Я давным-давно подписал форму DNR (Do Not Resusciatate — не реанимировать). Если я буду умирать, то дайте мне умереть. Не подключайте меня к аппаратам искусственного кровообращения, не поддерживайте во мне жизнь, привязывая к чертовым насосам и прочему дерьму. Но, думаю, мама обошла стороной мои пожелания и оставила меня в живых. Однако, «живой» — довольно относительное понятие. Мой мозг функционирует, но сердце бесполезным комком лежит в груди. Я без сознания. Если отключить аппарат, то я умру.

Что, собственно, и должно было произойти. Я должен был умереть в больнице Лос-Анджелеса. Так почему, черт возьми, я очнулся на больничной койке? Потому что существую. И мне нужно время, чтобы во всем разобраться, прийти в себя и оценить реальность. А реальность заключается в том, что я жив. У меня стоит катетер — унизительно, конечно, ну и хрен с ним. Пучки проводов тянутся к мониторам, отслеживающим частоту сердечных сокращений, артериальное давление, пульс и все такое. Но аппарата искусственного кровообращения нет. Нет жужжащих насосов, с хлюпаньем двигающих туда-сюда свои поршни. На лице нет маски, в горле никаких трубок. Ну, в носу стоит канюля, но это обычное дело для послеоперационного ухода.

Двигаться трудно.

Есть какая-то тянущая боль, но она нигде конкретно не локализуется, а просто… болит везде.

Подождите-ка.

Послеоперационный уход?

Нет.

Твою мать, нет.

Я с трудом передвигаю пальцы по кровати и нажимаю кнопку вызова.

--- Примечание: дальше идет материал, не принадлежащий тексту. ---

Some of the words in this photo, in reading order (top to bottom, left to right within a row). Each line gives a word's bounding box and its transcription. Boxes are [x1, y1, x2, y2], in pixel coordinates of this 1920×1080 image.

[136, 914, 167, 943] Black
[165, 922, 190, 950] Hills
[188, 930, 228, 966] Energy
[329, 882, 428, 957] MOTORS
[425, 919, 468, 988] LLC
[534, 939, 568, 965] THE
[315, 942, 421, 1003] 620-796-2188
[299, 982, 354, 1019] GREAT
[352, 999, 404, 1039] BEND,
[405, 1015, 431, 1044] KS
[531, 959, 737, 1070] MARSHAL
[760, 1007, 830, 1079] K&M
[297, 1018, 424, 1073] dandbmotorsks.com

Меньше чем через минуту быстро заходит средних лет женщина с темными волосами, стянутыми в тугой пучок — эталон медсестры и верх дружелюбия.

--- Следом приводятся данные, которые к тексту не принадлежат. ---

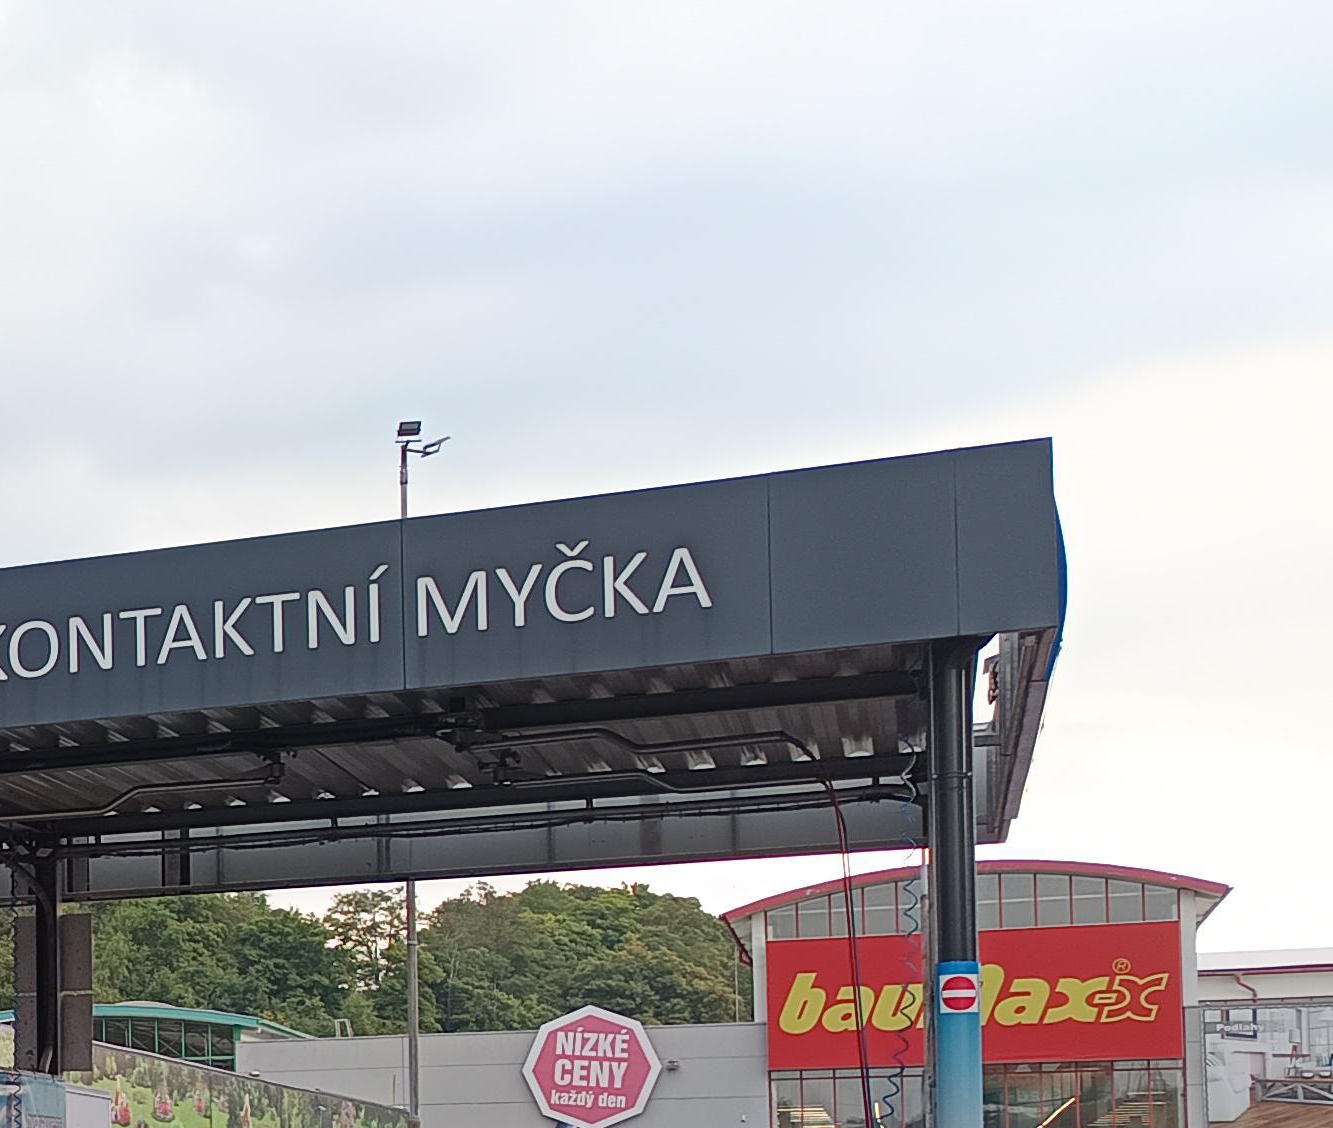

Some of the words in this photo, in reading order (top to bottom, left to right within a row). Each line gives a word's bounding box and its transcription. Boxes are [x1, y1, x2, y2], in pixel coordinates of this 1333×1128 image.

[415, 541, 714, 639] MYČKA
[555, 1026, 630, 1058] NÍZKÉ
[1216, 1023, 1265, 1033] Podlahy
[554, 1058, 628, 1088] CENY
[550, 1090, 595, 1108] každý
[598, 1092, 626, 1108] den

— Мистер Монтгомери. Рада, что вы очнулись. Как себя чувствуете?

Когда я начинаю говорить, мой голос скрипит, как наждачная бумага.

— Ж… живым.

— И разве это не чудесно?

— Нет.

Она отводит взгляд от моей кардиограммы.

— Нет? Что значит «нет»? Это чудо, что вы выжили. Что нашлось сердце, подходящее вам, и что ваш организм принял новый орган… Это чудо. Вы настоящий счастливчик, мистер Монтгомери.

— Я подписал чертов отказ от реанимации.

— Ваша мать утверждала — и весьма убедительно — что вы подписали этот документ, находясь в состоянии умственного и эмоционального расстройства и были не в состоянии самостоятельно принимать адекватные решения.

— Это было мое гребаное решение.

— Теперь объясняйте это Господу-Богу и своей матери.

— На хер бога, на хер мою мать, и вас тоже на хер.

— Что ж, это не очень вежливо. Я просто выполняю свою работу, мистер Монтгомери. А моя работа — это помочь вам восстановиться, чтобы вы могли выйти отсюда. Из чего следует вывод: вы можете злиться на меня за то, к чему я не имею никакого отношения, и мы будем враждовать, или вы с пониманием отнесетесь к тому, что я всего лишь медсестра и нахожусь здесь, чтобы помочь вам, и тогда мы сможем отлично поладить. Решайте.

— Я не хочу здесь находиться.

— Это яснее ясного. Поэтому в ваших же интересах сотрудничать со мной. Тогда мы сможем выписать вас отсюда, и вы вернетесь к своей жизни.

— У меня нет жизни, к которой надо возвращаться.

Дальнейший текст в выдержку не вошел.